MOVIE REVIEW- No prickly pear: 'Hamlet 2' rivals 'Thunder' for hoots

a still from this week's filmWhere to begin a review of Hamlet 2 but with the final words of Hamlet 1, as it shall evermore be known:

Take up the bodies. – Such a sight as this

Becomes the field, but here shows much amiss.

Go, bid the soldiers shoot.

Steve Warren

Not since Tropic Thunder has there been such a funny movie. Admittedly that's only been a few days, but Thunder set the bar high. Hamlet 2 was probably made for a fraction of that film's sunscreen budget, and it looks it, but it's a close rival for laughs per minute.

The two comedies also share Steve Coogan, who moves to the leading role here and suggests he could be the new Gene Wilder. He plays Dana Marschz (the name is pronounced like phonetic Polish– backwards), a failed actor currently teaching drama at West Mesa High School in Tucson, a city that comes in for more jibes ("where dreams go to die") than even Tucson deserves.

Budget cuts bring good news– Dana suddenly has a full class because all the other electives have been cancelled– followed by bad news– drama will be cancelled after this trimester.

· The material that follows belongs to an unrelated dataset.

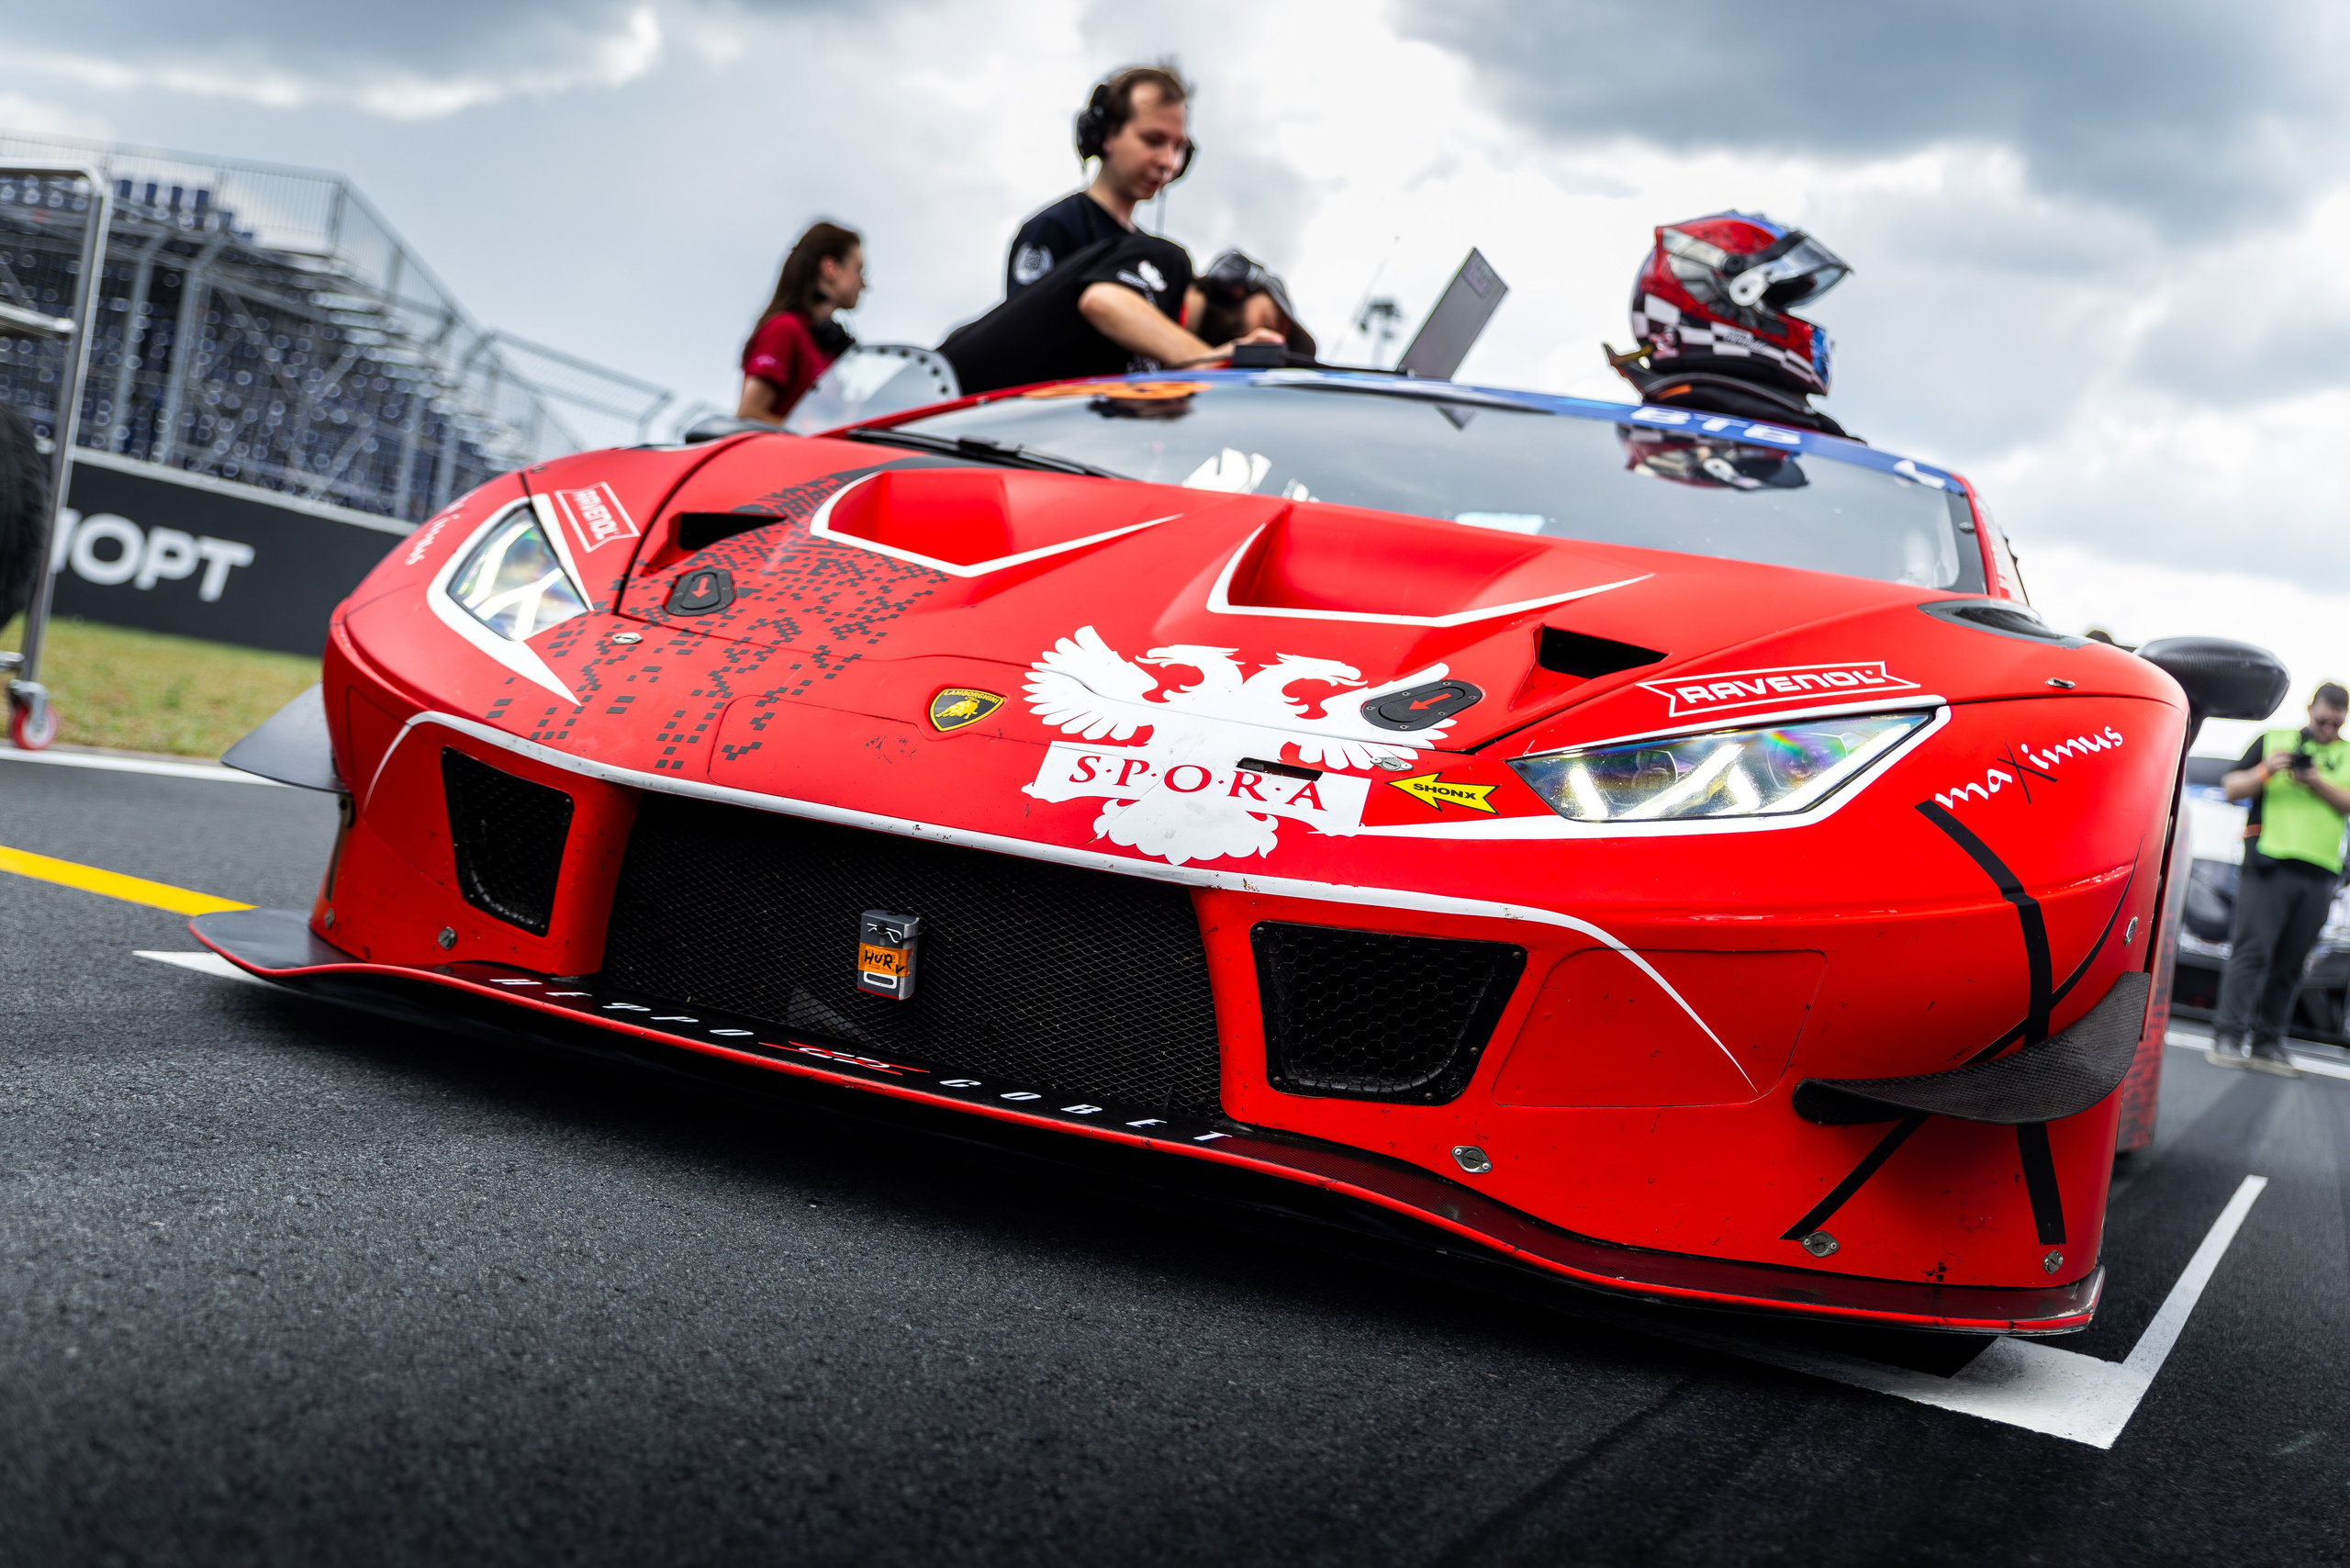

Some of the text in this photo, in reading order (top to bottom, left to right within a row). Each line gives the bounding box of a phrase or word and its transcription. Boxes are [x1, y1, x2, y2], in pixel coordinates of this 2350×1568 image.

In the new class Latins (including Melonie Diaz, Joseph Julian Soria and Michael Esparza) outnumber Dana's whitebread stalwarts, closeted Rand (Skylar Astin) and Epiphany (Phoebe Strole), who feels "threatened by ethnics."

As any lover of old movies knows, one good show can save any institution from the scrapheap, bulldozer or whatever. Dana pulls out all the stops with an original musical, Hamlet 2, in which Hamlet goes back in a time machine to prevent all the deaths at the end of his play. The machine also brings in such disparate characters as Jesus Christ and Dick Cheney. Jesus, who kicks Satan's butt and moonwalks on water, is the centerpiece of the song, "Rock Me, Sexy Jesus."

When the principal (Marshall Bell) refuses to let the show go on, it moves off-campus and attracts the attention of the ACLU, in the person of Cricket Feldstein (Amy Poehler, who keeps getting better). Protests attract publicity, and much of Tucson rallies to help the production, including the Gay Men's Chorus providing musical accompaniment.

While all this is going on, Dana's wife, Brie (Catherine Keener), is trying to get pregnant, which leads Dana to wear all sorts of outrageous clothing (or none) to let his testicles breathe. There are no prizes for guessing where the situation with their boarder, Gary (severely underused David Arquette) will lead.

One of the movie's most delightfully off-the-wall aspects is the appearance of Elisabeth Shue playing a version of herself. She's introduced working as a nurse at the Prickly Pear Fertility Clinic because she got tired of acting, and keeps showing up in wonderful ways.

Director Andrew Fleming (Threesome, Dick, The Craft) redeems himself for the dreadful Nancy Drew. He co-wrote Hamlet 2 with Pam Brady, the only woman with significant creative input into South Park. You can bet she was responsible for Yolanda, who's almost a female version of Kenny.

You can get picky about continuity issues, the overall cheap look and other problems, but what do you want– good production values or bad taste?